At the institutional level, one counter to epistemic arrogance is asking questions. Even questions that may seem dumb. Especially questions that seem dumb. This needs to take place both within the institution, e.g. “why are we doing things like this?”, and external to the institution, e.g. “what is your basis for this decision?”. You know the annoying tendency where 4 year olds keep asking ‘why?’ to the most trivial of things? Emulate that. Eventually, such questioning will either reach a foundation, or it will be stonewalled with some variation of “we can’t share that information with you”. If a foundation is reached, examine it for epistemic arrogance versus humility. Are alternate options considered, or is it assumed that there is a perfect understanding?
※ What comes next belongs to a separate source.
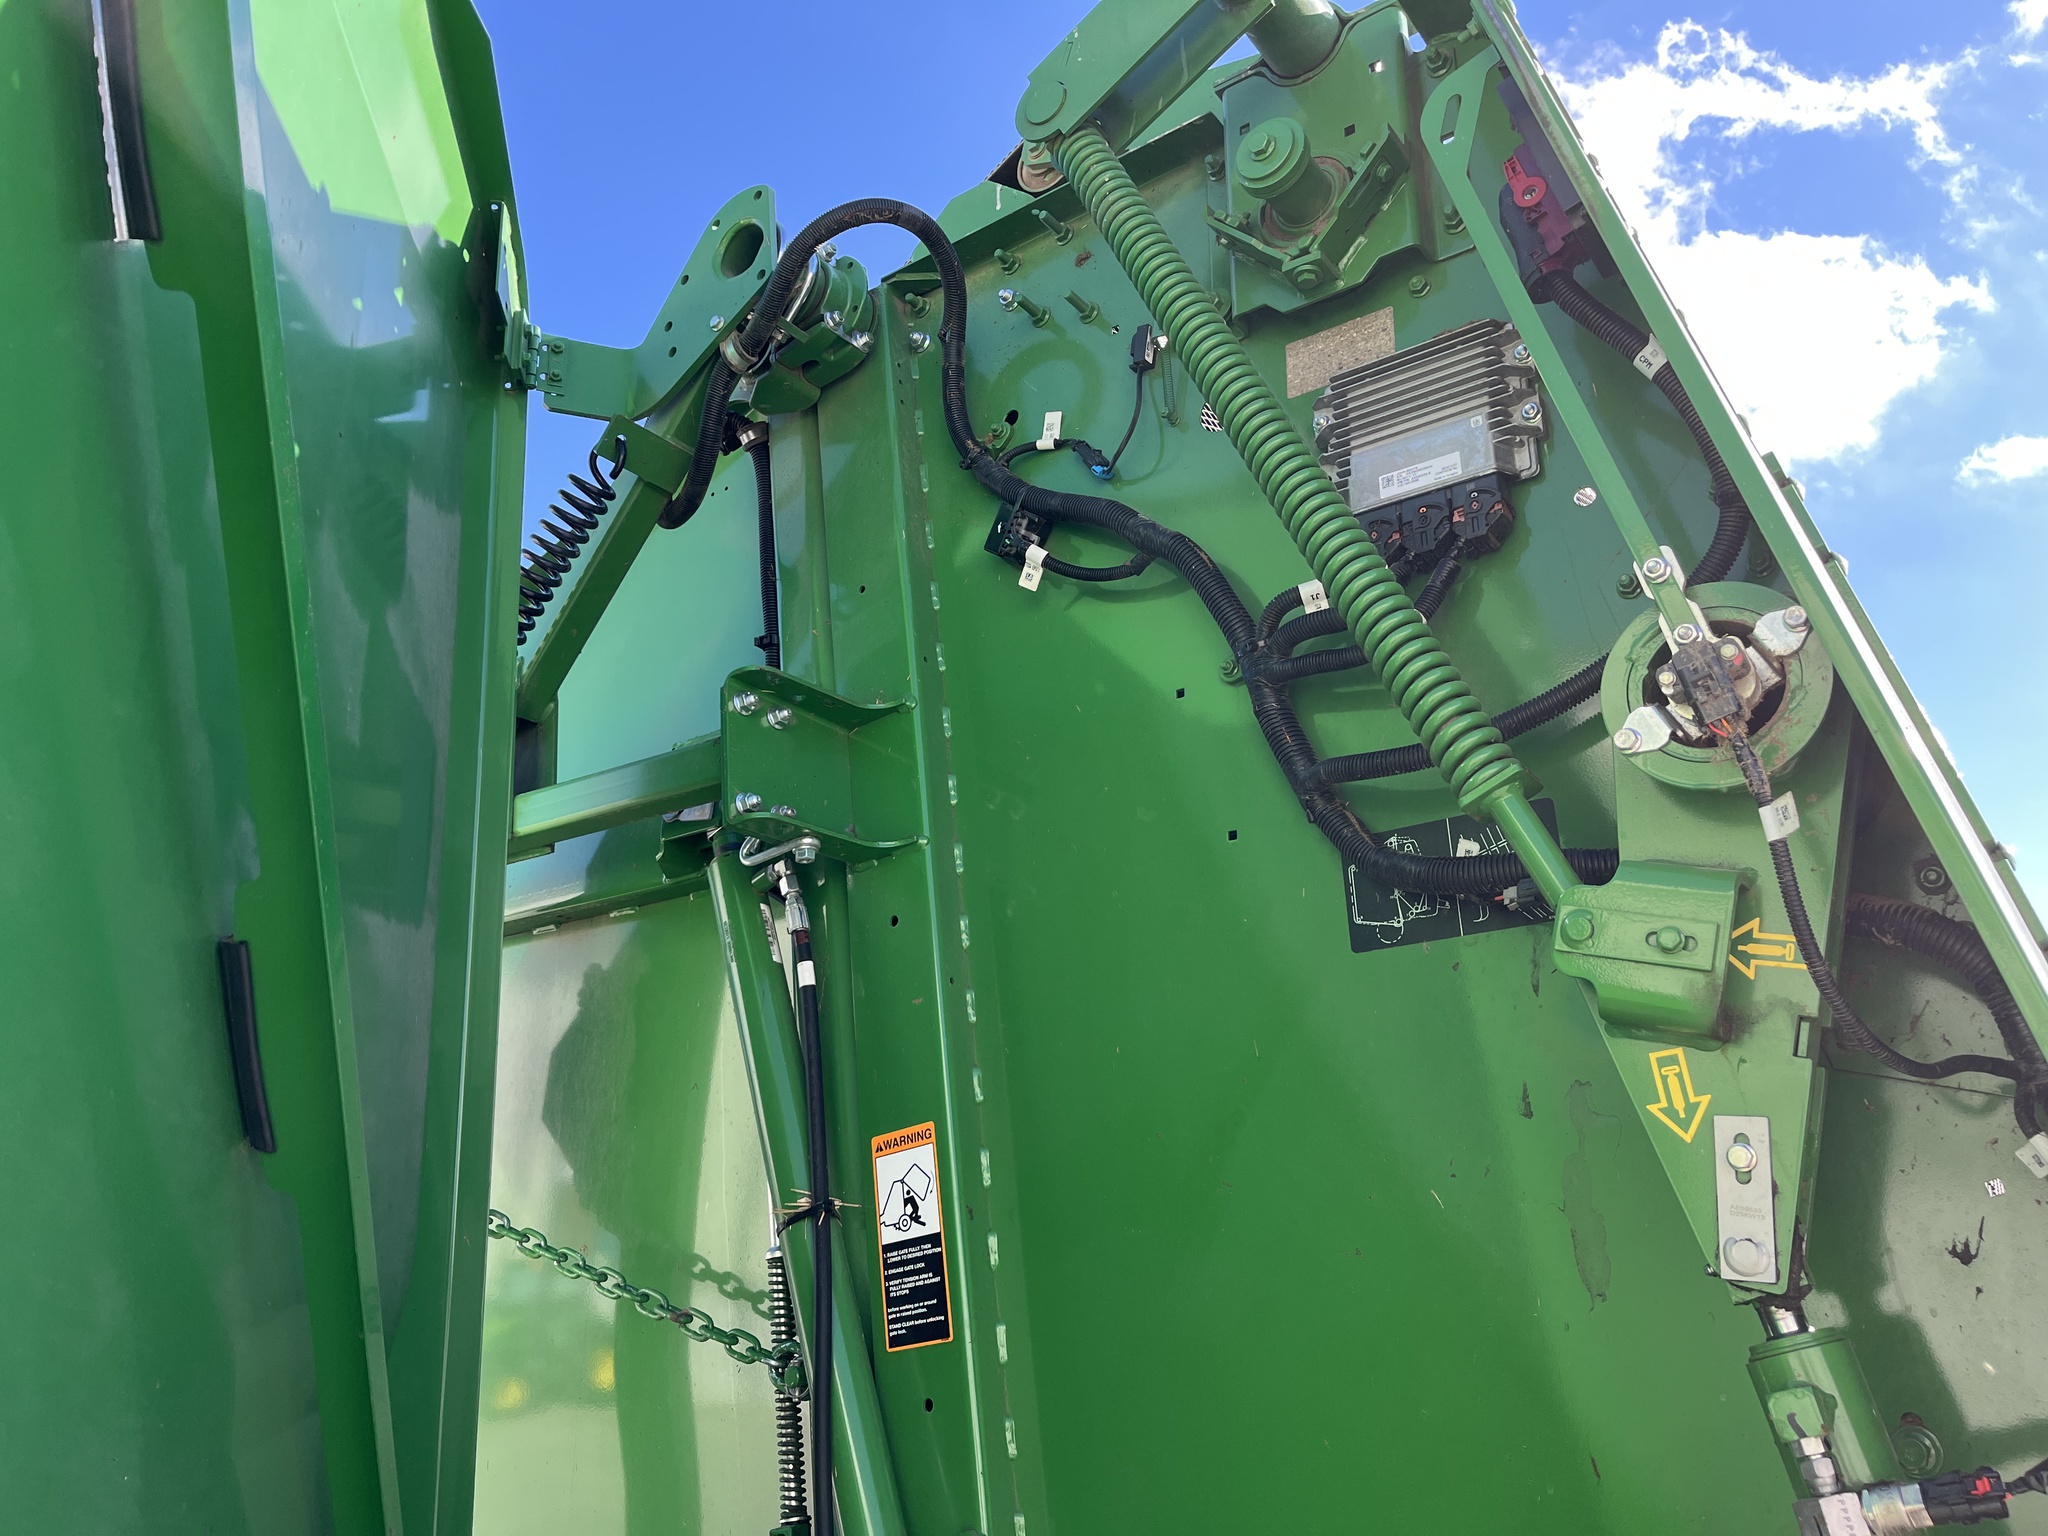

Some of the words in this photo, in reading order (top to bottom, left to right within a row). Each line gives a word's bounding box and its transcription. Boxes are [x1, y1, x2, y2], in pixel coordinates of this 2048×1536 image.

[1639, 355, 1653, 369] CPM
[1310, 592, 1320, 600] J1
[883, 1128, 932, 1150] WARNING
If you’re stonewalled, then you’ve either stumbled upon epistemic arrogance or you’ve just pissed off the person who was answering your questions. Probably both.
I believe it’s important to get this right. As society and technology become more complex and more interconnected, we rely more on the work and ideas of others. We need to have an honest understanding of what the limitations of both are, and where our models of each will break down. If a scientist publishes a paper on some new finding, is it true, or is it based on faulty assumptions that weren’t questioned due to arrogance? If a social activist says that if we just implement policy X, problem Y will vanish, is there an analysis based on data and reasoning with thoroughly thought-out consequences? Or are they burning down Chesterton’s fence based on ideology? We’ve seen several high-profile examples of epistemic arrogance over the years. It needs to be excised before the house of cards grows any bigger.
I think the weakest part of this post is the counter to institutional epistemic arrogance. It's also becoming increasingly important. If you can think of any other counters to institutional epistemic arrogance, please share them in this thread. Thank you!